[Records from a collection]
=== Begin Enclosure ===

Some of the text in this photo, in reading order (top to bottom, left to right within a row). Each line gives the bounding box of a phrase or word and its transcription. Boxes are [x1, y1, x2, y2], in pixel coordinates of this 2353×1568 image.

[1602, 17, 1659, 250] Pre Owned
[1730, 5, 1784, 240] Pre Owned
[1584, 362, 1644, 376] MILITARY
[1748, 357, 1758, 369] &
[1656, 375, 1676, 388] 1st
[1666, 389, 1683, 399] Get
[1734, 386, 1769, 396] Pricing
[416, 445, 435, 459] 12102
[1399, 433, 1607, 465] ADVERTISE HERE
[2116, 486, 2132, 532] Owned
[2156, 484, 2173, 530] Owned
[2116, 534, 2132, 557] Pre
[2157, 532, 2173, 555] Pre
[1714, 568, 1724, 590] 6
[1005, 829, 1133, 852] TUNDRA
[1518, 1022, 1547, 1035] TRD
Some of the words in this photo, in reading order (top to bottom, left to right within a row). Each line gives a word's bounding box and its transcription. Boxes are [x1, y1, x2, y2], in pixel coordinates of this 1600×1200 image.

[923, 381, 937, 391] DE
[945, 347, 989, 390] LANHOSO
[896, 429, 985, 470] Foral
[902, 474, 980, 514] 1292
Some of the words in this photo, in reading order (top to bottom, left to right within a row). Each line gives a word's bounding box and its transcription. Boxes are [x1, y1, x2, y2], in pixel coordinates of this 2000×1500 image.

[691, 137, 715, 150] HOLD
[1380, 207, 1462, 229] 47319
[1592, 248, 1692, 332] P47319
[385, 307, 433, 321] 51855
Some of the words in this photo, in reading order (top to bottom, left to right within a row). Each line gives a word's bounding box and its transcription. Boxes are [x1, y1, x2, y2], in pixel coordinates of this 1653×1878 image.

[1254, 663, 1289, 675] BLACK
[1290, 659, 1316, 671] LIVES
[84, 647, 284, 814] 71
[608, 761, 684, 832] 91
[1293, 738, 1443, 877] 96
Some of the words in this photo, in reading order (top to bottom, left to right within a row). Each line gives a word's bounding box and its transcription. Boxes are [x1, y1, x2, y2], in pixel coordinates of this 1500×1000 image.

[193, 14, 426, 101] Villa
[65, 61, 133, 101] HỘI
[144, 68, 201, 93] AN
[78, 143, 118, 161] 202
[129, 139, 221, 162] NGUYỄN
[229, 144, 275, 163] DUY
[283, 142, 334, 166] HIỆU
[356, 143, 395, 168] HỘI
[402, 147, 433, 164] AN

=== End Enclosure ===

Every record above is to be copied out exactly.

→ SOLUTION FOR THIS EXERCISE
Some of the text in this photo, in reading order (top to bottom, left to right within a row). Each line gives the bounding box of a phrase or word and its transcription. Boxes are [x1, y1, x2, y2], in pixel coordinates of this 2353×1568 image.

[1602, 17, 1659, 250] Pre Owned
[1730, 5, 1784, 240] Pre Owned
[1584, 362, 1644, 376] MILITARY
[1748, 357, 1758, 369] &
[1656, 375, 1676, 388] 1st
[1666, 389, 1683, 399] Get
[1734, 386, 1769, 396] Pricing
[416, 445, 435, 459] 12102
[1399, 433, 1607, 465] ADVERTISE HERE
[2116, 486, 2132, 532] Owned
[2156, 484, 2173, 530] Owned
[2116, 534, 2132, 557] Pre
[2157, 532, 2173, 555] Pre
[1714, 568, 1724, 590] 6
[1005, 829, 1133, 852] TUNDRA
[1518, 1022, 1547, 1035] TRD
Some of the words in this photo, in reading order (top to bottom, left to right within a row). Each line gives a word's bounding box and its transcription. Boxes are [x1, y1, x2, y2], in pixel coordinates of this 1600×1200 image.

[923, 381, 937, 391] DE
[945, 347, 989, 390] LANHOSO
[896, 429, 985, 470] Foral
[902, 474, 980, 514] 1292
Some of the words in this photo, in reading order (top to bottom, left to right within a row). Each line gives a word's bounding box and its transcription. Boxes are [x1, y1, x2, y2], in pixel coordinates of this 2000×1500 image.

[691, 137, 715, 150] HOLD
[1380, 207, 1462, 229] 47319
[1592, 248, 1692, 332] P47319
[385, 307, 433, 321] 51855
Some of the words in this photo, in reading order (top to bottom, left to right within a row). Each line gives a word's bounding box and its transcription. Boxes are [x1, y1, x2, y2], in pixel coordinates of this 1653×1878 image.

[1254, 663, 1289, 675] BLACK
[1290, 659, 1316, 671] LIVES
[84, 647, 284, 814] 71
[608, 761, 684, 832] 91
[1293, 738, 1443, 877] 96
Some of the words in this photo, in reading order (top to bottom, left to right within a row). Each line gives a word's bounding box and its transcription. Boxes are [x1, y1, x2, y2], in pixel coordinates of this 1500×1000 image.

[193, 14, 426, 101] Villa
[65, 61, 133, 101] HỘI
[144, 68, 201, 93] AN
[78, 143, 118, 161] 202
[129, 139, 221, 162] NGUYỄN
[229, 144, 275, 163] DUY
[283, 142, 334, 166] HIỆU
[356, 143, 395, 168] HỘI
[402, 147, 433, 164] AN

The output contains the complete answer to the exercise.